Would you repeat every line of the data exactly?

Stored data entries:

•••••

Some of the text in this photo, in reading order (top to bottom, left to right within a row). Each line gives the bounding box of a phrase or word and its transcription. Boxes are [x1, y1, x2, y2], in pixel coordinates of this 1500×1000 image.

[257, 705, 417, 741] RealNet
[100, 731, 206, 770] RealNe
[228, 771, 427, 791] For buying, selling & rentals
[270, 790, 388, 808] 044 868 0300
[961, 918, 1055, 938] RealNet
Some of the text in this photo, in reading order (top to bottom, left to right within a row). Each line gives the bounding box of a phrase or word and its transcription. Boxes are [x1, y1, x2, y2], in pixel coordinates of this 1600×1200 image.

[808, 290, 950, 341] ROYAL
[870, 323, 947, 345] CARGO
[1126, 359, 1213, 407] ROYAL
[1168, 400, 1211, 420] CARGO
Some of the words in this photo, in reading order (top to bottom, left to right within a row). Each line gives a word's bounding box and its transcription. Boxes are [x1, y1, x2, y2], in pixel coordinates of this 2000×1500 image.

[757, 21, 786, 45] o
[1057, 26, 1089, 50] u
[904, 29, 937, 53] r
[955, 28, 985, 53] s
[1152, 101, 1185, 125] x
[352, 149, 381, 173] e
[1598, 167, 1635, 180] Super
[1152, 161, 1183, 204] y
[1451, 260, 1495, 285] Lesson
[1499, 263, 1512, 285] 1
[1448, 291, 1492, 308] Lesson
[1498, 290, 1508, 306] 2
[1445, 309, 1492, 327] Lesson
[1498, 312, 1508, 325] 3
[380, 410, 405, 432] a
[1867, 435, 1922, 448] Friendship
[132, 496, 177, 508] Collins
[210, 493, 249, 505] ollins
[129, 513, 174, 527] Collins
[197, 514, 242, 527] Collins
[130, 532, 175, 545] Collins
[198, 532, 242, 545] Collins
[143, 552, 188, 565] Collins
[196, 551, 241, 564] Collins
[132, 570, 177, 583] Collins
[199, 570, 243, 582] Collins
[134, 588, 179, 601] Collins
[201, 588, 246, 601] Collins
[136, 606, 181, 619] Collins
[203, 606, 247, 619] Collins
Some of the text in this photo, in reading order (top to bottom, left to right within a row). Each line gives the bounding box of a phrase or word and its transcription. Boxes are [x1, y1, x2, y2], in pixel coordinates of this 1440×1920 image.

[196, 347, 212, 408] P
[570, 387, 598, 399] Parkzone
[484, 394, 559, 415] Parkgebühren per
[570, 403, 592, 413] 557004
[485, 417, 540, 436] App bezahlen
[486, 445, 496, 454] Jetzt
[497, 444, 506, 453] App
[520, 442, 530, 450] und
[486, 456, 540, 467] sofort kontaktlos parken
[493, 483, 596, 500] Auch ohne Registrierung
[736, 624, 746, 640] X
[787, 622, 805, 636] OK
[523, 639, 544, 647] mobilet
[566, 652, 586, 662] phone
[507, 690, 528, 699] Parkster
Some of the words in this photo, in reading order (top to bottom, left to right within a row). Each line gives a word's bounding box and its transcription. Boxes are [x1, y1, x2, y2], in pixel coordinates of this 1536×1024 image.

•••••

EXERCISE ANSWER:
Some of the text in this photo, in reading order (top to bottom, left to right within a row). Each line gives the bounding box of a phrase or word and its transcription. Boxes are [x1, y1, x2, y2], in pixel coordinates of this 1500×1000 image.

[257, 705, 417, 741] RealNet
[100, 731, 206, 770] RealNe
[228, 771, 427, 791] For buying, selling & rentals
[270, 790, 388, 808] 044 868 0300
[961, 918, 1055, 938] RealNet
Some of the text in this photo, in reading order (top to bottom, left to right within a row). Each line gives the bounding box of a phrase or word and its transcription. Boxes are [x1, y1, x2, y2], in pixel coordinates of this 1600×1200 image.

[808, 290, 950, 341] ROYAL
[870, 323, 947, 345] CARGO
[1126, 359, 1213, 407] ROYAL
[1168, 400, 1211, 420] CARGO
Some of the words in this photo, in reading order (top to bottom, left to right within a row). Each line gives a word's bounding box and its transcription. Boxes are [x1, y1, x2, y2], in pixel coordinates of this 2000×1500 image.

[757, 21, 786, 45] o
[1057, 26, 1089, 50] u
[904, 29, 937, 53] r
[955, 28, 985, 53] s
[1152, 101, 1185, 125] x
[352, 149, 381, 173] e
[1598, 167, 1635, 180] Super
[1152, 161, 1183, 204] y
[1451, 260, 1495, 285] Lesson
[1499, 263, 1512, 285] 1
[1448, 291, 1492, 308] Lesson
[1498, 290, 1508, 306] 2
[1445, 309, 1492, 327] Lesson
[1498, 312, 1508, 325] 3
[380, 410, 405, 432] a
[1867, 435, 1922, 448] Friendship
[132, 496, 177, 508] Collins
[210, 493, 249, 505] ollins
[129, 513, 174, 527] Collins
[197, 514, 242, 527] Collins
[130, 532, 175, 545] Collins
[198, 532, 242, 545] Collins
[143, 552, 188, 565] Collins
[196, 551, 241, 564] Collins
[132, 570, 177, 583] Collins
[199, 570, 243, 582] Collins
[134, 588, 179, 601] Collins
[201, 588, 246, 601] Collins
[136, 606, 181, 619] Collins
[203, 606, 247, 619] Collins
Some of the text in this photo, in reading order (top to bottom, left to right within a row). Each line gives the bounding box of a phrase or word and its transcription. Boxes are [x1, y1, x2, y2], in pixel coordinates of this 1440×1920 image.

[196, 347, 212, 408] P
[570, 387, 598, 399] Parkzone
[484, 394, 559, 415] Parkgebühren per
[570, 403, 592, 413] 557004
[485, 417, 540, 436] App bezahlen
[486, 445, 496, 454] Jetzt
[497, 444, 506, 453] App
[520, 442, 530, 450] und
[486, 456, 540, 467] sofort kontaktlos parken
[493, 483, 596, 500] Auch ohne Registrierung
[736, 624, 746, 640] X
[787, 622, 805, 636] OK
[523, 639, 544, 647] mobilet
[566, 652, 586, 662] phone
[507, 690, 528, 699] Parkster
Some of the words in this photo, in reading order (top to bottom, left to right within a row). Each line gives a word's bounding box and its transcription. Boxes are [x1, y1, x2, y2], in pixel coordinates of this 1536×1024 image.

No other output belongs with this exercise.